In March 2020, Miami City Ballet’s Nathalia Arja landed the promotion of her dreams. As the curtain closed on the company’s final performance of Firebird, artistic director Lourdes Lopez took Arja’s hand and told her she was now a principal dancer. “I was in shock,” she says. “It was such a loving moment.”
Then, seemingly just as quickly, COVID sent MCB—and the country—into lockdown, and Arja spent the next several months training from home, eager to return to the stage and make her principal debut, which she did nearly nine months later.
Arja was born in Rio de Janeiro to two ballet dancers. Her mother, Alice Arja, owned her own school, Escola de Dança Alice Arja, where Nathalia’s training began at 5 years old. She danced with her mother’s ballet company, Companhia de ballet do Rio de Janeiro, for one year, but by 15, her mom felt it was time for her to seek training outside of the country.
“Unfortunately, the arts are not very supported in Brazil,” Arja says. “So, we made an audition video and sent it to five schools around the world.” One week later, each of the schools replied saying they wanted her to join their program. Miami City Ballet School felt like the best fit for her, so she moved to Miami with hopes of one day joining the company. After some fine-tuning while in school, Arja became an apprentice in 2009, and was promoted to the corps de ballet in 2011, soloist in 2014 and principal soloist in 2016.
Though the pandemic delayed Arja’s debut as a principal, Miami City Ballet was able to perform The Nutcracker on an outdoor stage in December. “It was like we were birds being set free,” Arja says. Since then, the company has been back in action (with masks, of course), and in November 2021, they will make their official return to an indoor stage at the Kennedy Center in Washington, DC.
Here, Arja opens up about her biggest technique hurdle, the worst advice she ever got as a student and the biggest turning point in her training.

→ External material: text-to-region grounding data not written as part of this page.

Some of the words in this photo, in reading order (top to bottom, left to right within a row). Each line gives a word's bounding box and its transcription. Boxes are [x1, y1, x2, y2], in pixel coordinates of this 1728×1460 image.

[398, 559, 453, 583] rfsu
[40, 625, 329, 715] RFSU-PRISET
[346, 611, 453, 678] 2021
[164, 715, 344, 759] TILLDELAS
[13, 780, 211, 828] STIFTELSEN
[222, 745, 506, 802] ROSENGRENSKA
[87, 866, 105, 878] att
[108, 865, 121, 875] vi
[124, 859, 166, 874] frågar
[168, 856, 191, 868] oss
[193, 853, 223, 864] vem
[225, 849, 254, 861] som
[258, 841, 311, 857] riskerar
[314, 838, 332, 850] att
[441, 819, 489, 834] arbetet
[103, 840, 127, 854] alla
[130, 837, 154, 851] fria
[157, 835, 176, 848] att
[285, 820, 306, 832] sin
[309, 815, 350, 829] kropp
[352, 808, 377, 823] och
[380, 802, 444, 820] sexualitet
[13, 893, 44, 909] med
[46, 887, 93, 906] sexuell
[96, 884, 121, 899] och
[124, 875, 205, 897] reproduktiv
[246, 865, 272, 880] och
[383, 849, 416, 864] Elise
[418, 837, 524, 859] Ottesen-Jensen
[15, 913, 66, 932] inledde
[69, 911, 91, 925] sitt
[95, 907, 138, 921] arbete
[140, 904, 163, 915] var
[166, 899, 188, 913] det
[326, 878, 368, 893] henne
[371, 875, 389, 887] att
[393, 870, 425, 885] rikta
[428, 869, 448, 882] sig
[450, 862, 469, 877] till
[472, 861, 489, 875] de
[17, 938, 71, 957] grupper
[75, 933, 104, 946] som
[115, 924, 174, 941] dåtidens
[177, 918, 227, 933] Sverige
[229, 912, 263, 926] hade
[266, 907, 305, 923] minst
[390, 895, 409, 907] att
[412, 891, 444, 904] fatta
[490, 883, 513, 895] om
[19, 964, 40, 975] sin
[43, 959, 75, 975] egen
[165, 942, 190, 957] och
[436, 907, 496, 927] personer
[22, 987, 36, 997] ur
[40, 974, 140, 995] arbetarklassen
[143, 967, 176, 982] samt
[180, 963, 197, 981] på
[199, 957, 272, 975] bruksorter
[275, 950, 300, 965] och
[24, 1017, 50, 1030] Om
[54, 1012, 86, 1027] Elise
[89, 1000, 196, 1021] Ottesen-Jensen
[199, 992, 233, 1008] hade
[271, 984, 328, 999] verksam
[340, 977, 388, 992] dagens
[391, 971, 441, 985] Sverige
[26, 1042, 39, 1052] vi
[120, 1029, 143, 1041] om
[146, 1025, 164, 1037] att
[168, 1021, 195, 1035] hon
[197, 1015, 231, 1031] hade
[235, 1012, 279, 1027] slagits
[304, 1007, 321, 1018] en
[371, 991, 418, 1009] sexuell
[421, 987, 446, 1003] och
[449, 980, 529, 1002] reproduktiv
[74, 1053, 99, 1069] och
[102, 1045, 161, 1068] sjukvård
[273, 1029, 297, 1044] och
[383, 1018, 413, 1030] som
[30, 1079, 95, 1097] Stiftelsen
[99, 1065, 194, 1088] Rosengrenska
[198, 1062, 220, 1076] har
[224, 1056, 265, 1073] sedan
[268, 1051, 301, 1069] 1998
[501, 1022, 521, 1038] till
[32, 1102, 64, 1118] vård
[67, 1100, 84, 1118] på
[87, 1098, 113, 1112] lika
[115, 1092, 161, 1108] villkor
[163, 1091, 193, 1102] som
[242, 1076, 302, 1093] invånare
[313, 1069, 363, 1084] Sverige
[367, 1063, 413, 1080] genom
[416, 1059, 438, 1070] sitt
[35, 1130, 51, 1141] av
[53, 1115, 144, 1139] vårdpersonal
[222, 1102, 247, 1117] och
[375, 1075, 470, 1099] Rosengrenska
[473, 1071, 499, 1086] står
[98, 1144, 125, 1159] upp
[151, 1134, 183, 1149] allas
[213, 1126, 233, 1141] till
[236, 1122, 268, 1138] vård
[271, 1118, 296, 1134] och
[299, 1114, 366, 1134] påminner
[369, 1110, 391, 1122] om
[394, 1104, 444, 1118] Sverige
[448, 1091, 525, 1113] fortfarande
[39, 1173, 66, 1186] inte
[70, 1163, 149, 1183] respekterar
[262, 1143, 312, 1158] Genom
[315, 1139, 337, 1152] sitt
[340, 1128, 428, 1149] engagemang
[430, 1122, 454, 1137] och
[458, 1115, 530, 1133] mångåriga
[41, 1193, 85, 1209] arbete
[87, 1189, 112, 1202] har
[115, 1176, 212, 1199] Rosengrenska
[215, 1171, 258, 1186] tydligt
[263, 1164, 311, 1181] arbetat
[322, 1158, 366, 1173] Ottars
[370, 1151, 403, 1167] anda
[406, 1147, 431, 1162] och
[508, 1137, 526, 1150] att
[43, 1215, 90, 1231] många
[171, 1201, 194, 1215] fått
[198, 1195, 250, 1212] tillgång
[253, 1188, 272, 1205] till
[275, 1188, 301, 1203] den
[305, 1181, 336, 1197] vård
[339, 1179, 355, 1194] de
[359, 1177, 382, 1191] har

On her biggest technical hurdle:
“I remember when we would get to the jumping part of Balanchine class, I was amazed by the other dancers’ speed, how quiet they were, how they used their toes for landing and taking off, and the coordination of their legs and arms. For me that was so challenging, because in Vaganova we aren’t trained to dance fast in allégro—it’s more mellow. Being in class every day and consistently working in that fast movement helped me improve. I had to tell myself not to cheat, but to consistently do the steps the way they are supposed to be done so that my body could process it into muscle memory.”

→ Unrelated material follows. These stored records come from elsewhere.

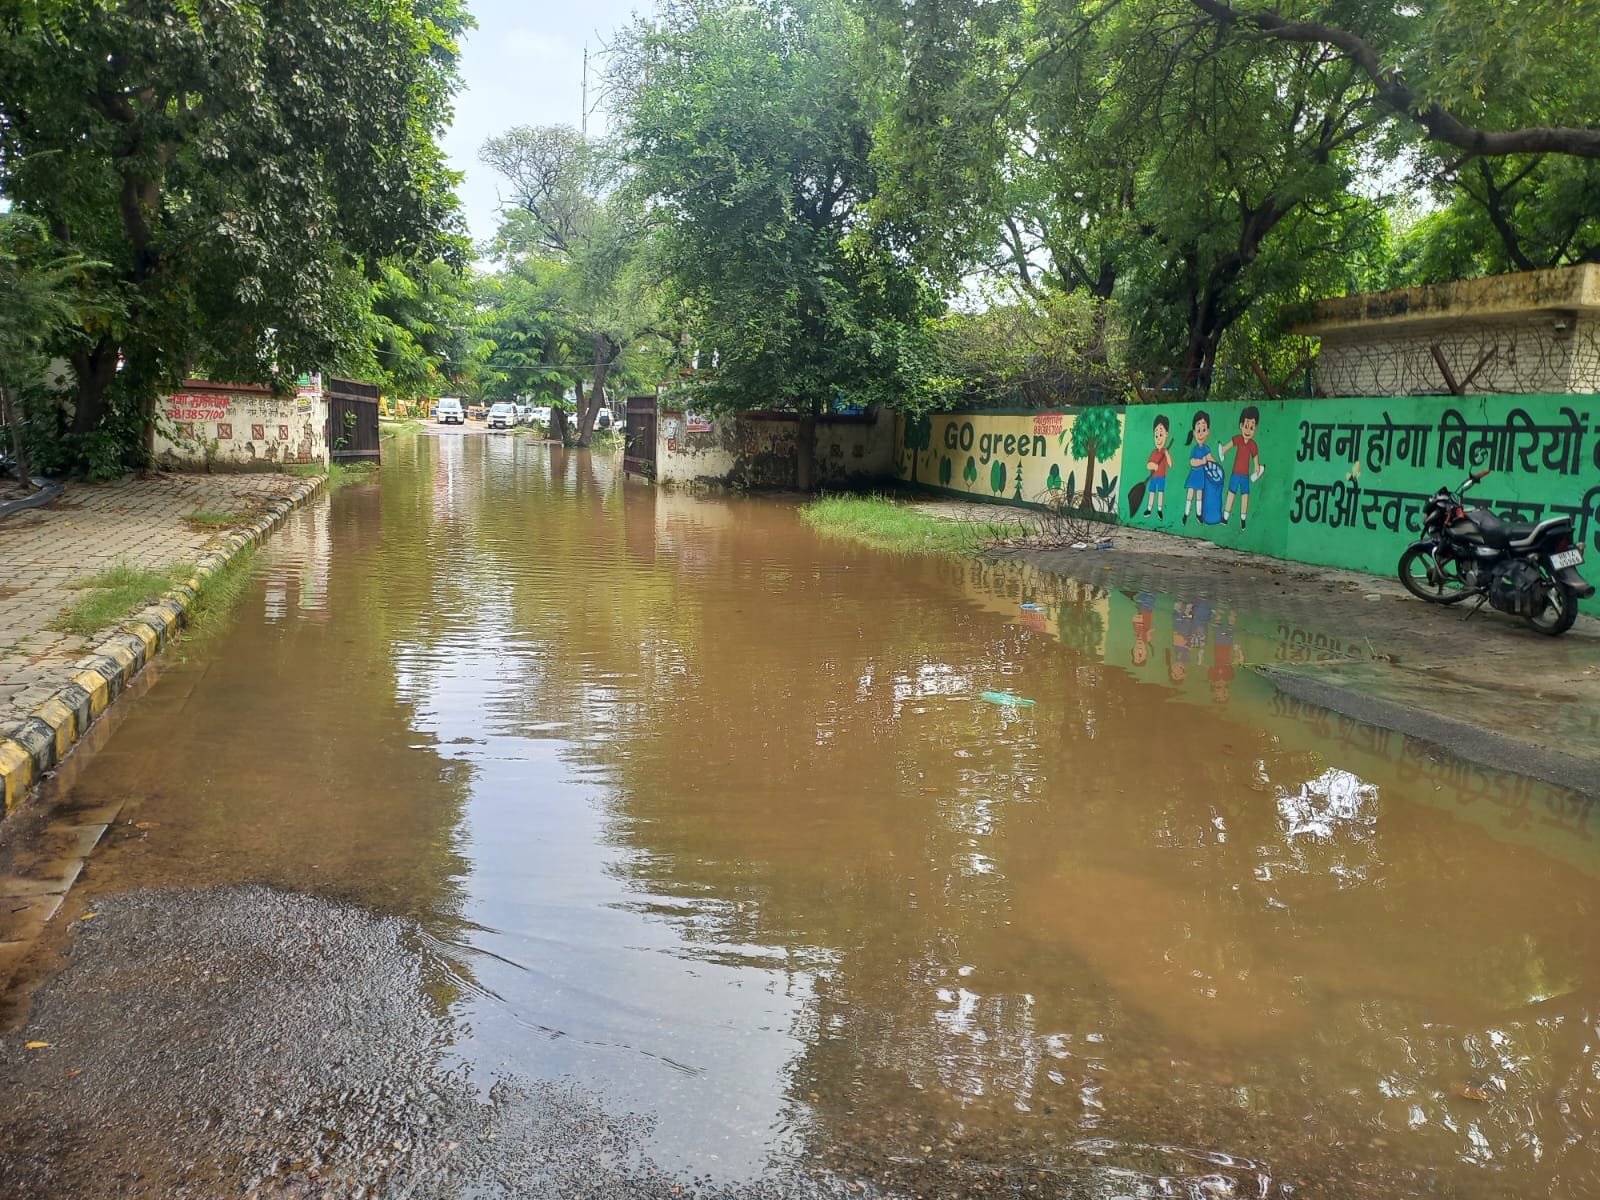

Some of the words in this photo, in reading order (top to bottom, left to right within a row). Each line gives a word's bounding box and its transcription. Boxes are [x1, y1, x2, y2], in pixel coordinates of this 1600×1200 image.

[944, 422, 974, 451] GO
[980, 433, 1047, 465] green
[1366, 411, 1433, 473] होगा
[1437, 407, 1590, 475] बिमारियों
[1289, 474, 1361, 528] उठाओ

What she’s currently working on in class:
“I have long arms, and I’m always working on fully using them. Arms are the most important part of dancing because they shape everything else. I constantly remind myself to bend them, and make them soft and beautiful. I hate when I see videos of myself where they look like two stiff things.”

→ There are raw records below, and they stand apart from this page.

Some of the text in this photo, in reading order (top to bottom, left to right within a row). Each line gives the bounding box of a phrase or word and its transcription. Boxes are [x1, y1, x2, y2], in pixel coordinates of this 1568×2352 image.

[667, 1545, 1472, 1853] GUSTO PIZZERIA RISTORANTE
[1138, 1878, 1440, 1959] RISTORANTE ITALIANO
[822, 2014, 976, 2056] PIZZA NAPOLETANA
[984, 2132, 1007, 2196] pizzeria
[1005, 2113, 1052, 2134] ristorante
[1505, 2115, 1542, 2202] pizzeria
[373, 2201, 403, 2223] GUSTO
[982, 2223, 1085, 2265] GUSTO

The biggest turning point in her dance training:
“When I arrived at Miami City Ballet’s school in 2008, I started in Level 8, which included Russian class in the afternoon. A couple months later I was advanced to take the morning Balanchine class with Carter Alexander, as well. Between the two I really transformed as a dancer. Carter basically told me to forget everything I knew previously—from plié to allégro, everything was different. I’m so glad I had the Vaganova foundation and Balanchine decoration for my dance training.”
The worst advice she ever received as a student:
“To try to be better than someone else. I disagree completely. I am shaped the way I am. My legs go up until a certain point. I shouldn’t compare myself to the way someone else is shaped. Use what God gave you to be your best. My mom always said, ‘Be like a horse, only look forward. Don’t look from side to side.’”
Her advice for teachers:
“Each dancer is gifted with something special to offer. Be consistent and push your students in a healthy way. Challenge them, but always make sure they know you believe in them.”